▶ _Work to complete_:
Print the data exactly, leaving nothing out.

------ Available records ------

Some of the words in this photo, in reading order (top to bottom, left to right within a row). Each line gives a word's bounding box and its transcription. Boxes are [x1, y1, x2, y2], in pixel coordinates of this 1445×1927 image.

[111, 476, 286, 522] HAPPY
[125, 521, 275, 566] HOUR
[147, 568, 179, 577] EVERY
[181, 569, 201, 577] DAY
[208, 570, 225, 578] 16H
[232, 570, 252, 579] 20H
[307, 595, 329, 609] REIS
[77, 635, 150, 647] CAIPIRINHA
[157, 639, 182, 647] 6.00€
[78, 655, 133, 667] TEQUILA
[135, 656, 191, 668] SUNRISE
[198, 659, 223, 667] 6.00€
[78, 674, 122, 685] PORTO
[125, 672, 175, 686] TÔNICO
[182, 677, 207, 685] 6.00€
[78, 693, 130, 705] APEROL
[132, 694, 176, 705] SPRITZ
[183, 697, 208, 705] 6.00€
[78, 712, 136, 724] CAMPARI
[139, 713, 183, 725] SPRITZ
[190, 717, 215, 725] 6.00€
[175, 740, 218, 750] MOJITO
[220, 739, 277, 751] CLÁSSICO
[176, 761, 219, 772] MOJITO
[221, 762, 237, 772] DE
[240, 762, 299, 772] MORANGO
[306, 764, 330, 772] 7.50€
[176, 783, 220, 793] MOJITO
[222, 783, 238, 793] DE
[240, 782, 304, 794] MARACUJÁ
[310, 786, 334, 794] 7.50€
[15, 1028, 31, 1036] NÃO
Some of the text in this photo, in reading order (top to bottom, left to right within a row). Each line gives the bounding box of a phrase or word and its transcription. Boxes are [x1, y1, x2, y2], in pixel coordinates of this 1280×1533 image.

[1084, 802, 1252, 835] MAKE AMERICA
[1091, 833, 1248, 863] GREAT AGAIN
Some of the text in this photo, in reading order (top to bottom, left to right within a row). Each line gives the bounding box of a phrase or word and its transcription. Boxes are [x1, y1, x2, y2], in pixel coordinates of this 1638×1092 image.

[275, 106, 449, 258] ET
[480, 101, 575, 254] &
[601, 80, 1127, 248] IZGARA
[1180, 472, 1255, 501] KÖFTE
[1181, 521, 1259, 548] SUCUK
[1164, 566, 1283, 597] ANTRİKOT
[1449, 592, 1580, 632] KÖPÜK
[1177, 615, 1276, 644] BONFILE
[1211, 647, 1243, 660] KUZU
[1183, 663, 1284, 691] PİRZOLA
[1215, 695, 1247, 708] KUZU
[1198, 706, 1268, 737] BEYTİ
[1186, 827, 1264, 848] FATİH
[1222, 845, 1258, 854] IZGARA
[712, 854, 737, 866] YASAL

------

▶ _Response to the exercise_:
Some of the words in this photo, in reading order (top to bottom, left to right within a row). Each line gives a word's bounding box and its transcription. Boxes are [x1, y1, x2, y2], in pixel coordinates of this 1445×1927 image.

[111, 476, 286, 522] HAPPY
[125, 521, 275, 566] HOUR
[147, 568, 179, 577] EVERY
[181, 569, 201, 577] DAY
[208, 570, 225, 578] 16H
[232, 570, 252, 579] 20H
[307, 595, 329, 609] REIS
[77, 635, 150, 647] CAIPIRINHA
[157, 639, 182, 647] 6.00€
[78, 655, 133, 667] TEQUILA
[135, 656, 191, 668] SUNRISE
[198, 659, 223, 667] 6.00€
[78, 674, 122, 685] PORTO
[125, 672, 175, 686] TÔNICO
[182, 677, 207, 685] 6.00€
[78, 693, 130, 705] APEROL
[132, 694, 176, 705] SPRITZ
[183, 697, 208, 705] 6.00€
[78, 712, 136, 724] CAMPARI
[139, 713, 183, 725] SPRITZ
[190, 717, 215, 725] 6.00€
[175, 740, 218, 750] MOJITO
[220, 739, 277, 751] CLÁSSICO
[176, 761, 219, 772] MOJITO
[221, 762, 237, 772] DE
[240, 762, 299, 772] MORANGO
[306, 764, 330, 772] 7.50€
[176, 783, 220, 793] MOJITO
[222, 783, 238, 793] DE
[240, 782, 304, 794] MARACUJÁ
[310, 786, 334, 794] 7.50€
[15, 1028, 31, 1036] NÃO
Some of the text in this photo, in reading order (top to bottom, left to right within a row). Each line gives the bounding box of a phrase or word and its transcription. Boxes are [x1, y1, x2, y2], in pixel coordinates of this 1280×1533 image.

[1084, 802, 1252, 835] MAKE AMERICA
[1091, 833, 1248, 863] GREAT AGAIN
Some of the text in this photo, in reading order (top to bottom, left to right within a row). Each line gives the bounding box of a phrase or word and its transcription. Boxes are [x1, y1, x2, y2], in pixel coordinates of this 1638×1092 image.

[275, 106, 449, 258] ET
[480, 101, 575, 254] &
[601, 80, 1127, 248] IZGARA
[1180, 472, 1255, 501] KÖFTE
[1181, 521, 1259, 548] SUCUK
[1164, 566, 1283, 597] ANTRİKOT
[1449, 592, 1580, 632] KÖPÜK
[1177, 615, 1276, 644] BONFILE
[1211, 647, 1243, 660] KUZU
[1183, 663, 1284, 691] PİRZOLA
[1215, 695, 1247, 708] KUZU
[1198, 706, 1268, 737] BEYTİ
[1186, 827, 1264, 848] FATİH
[1222, 845, 1258, 854] IZGARA
[712, 854, 737, 866] YASAL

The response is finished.